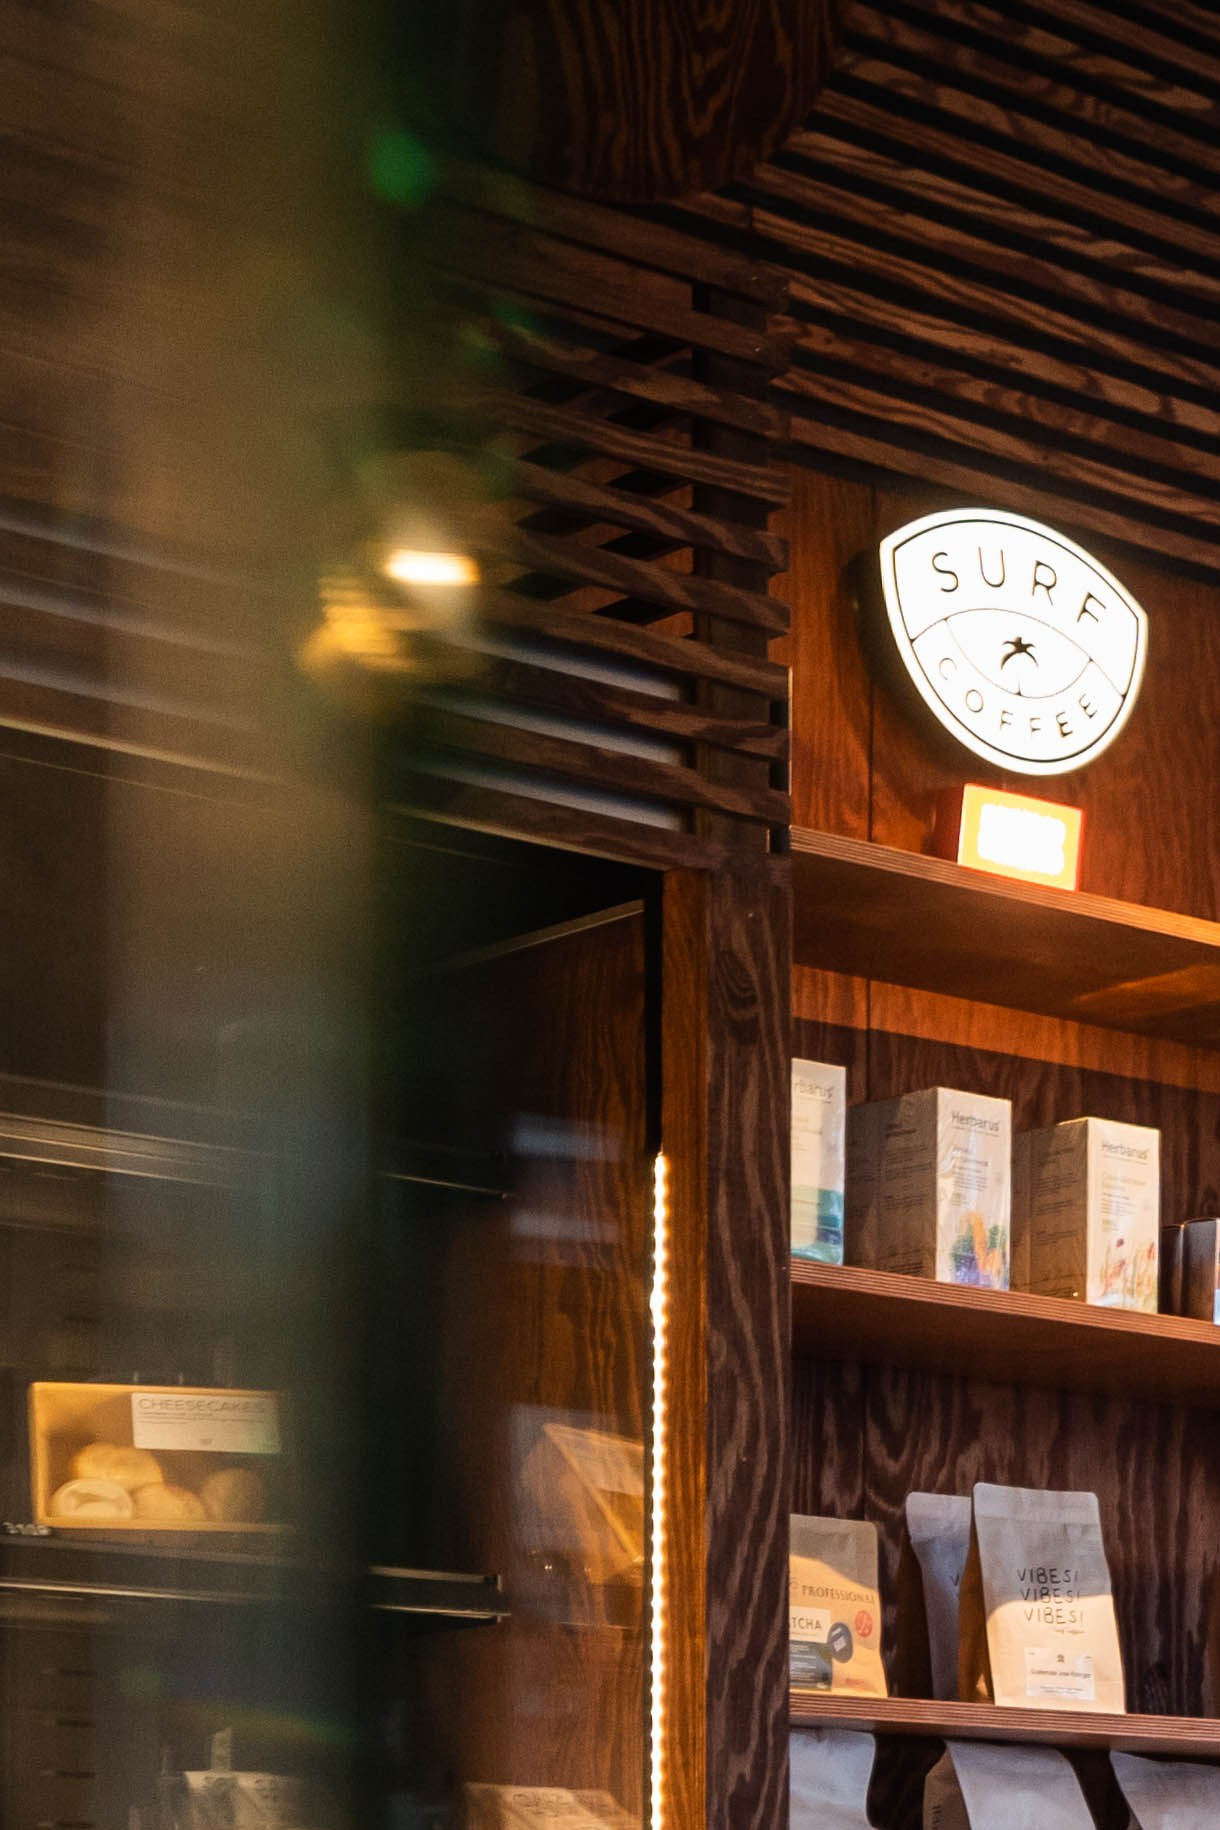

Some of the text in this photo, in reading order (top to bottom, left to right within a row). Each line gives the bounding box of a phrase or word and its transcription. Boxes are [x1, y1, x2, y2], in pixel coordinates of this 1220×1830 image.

[930, 545, 1107, 625] SURF
[938, 656, 1099, 740] COFFEE
[951, 1110, 1000, 1132] Herbarus
[791, 1617, 822, 1631] TCHA

= = = = =

**Exercise goal:** Repeat the data exactly as given. Keep every picture out of the copy.

**Completed task:**
Some of the text in this photo, in reading order (top to bottom, left to right within a row). Each line gives the bounding box of a phrase or word and its transcription. Boxes are [x1, y1, x2, y2], in pixel coordinates of this 1220×1830 image.

[930, 545, 1107, 625] SURF
[938, 656, 1099, 740] COFFEE
[951, 1110, 1000, 1132] Herbarus
[791, 1617, 822, 1631] TCHA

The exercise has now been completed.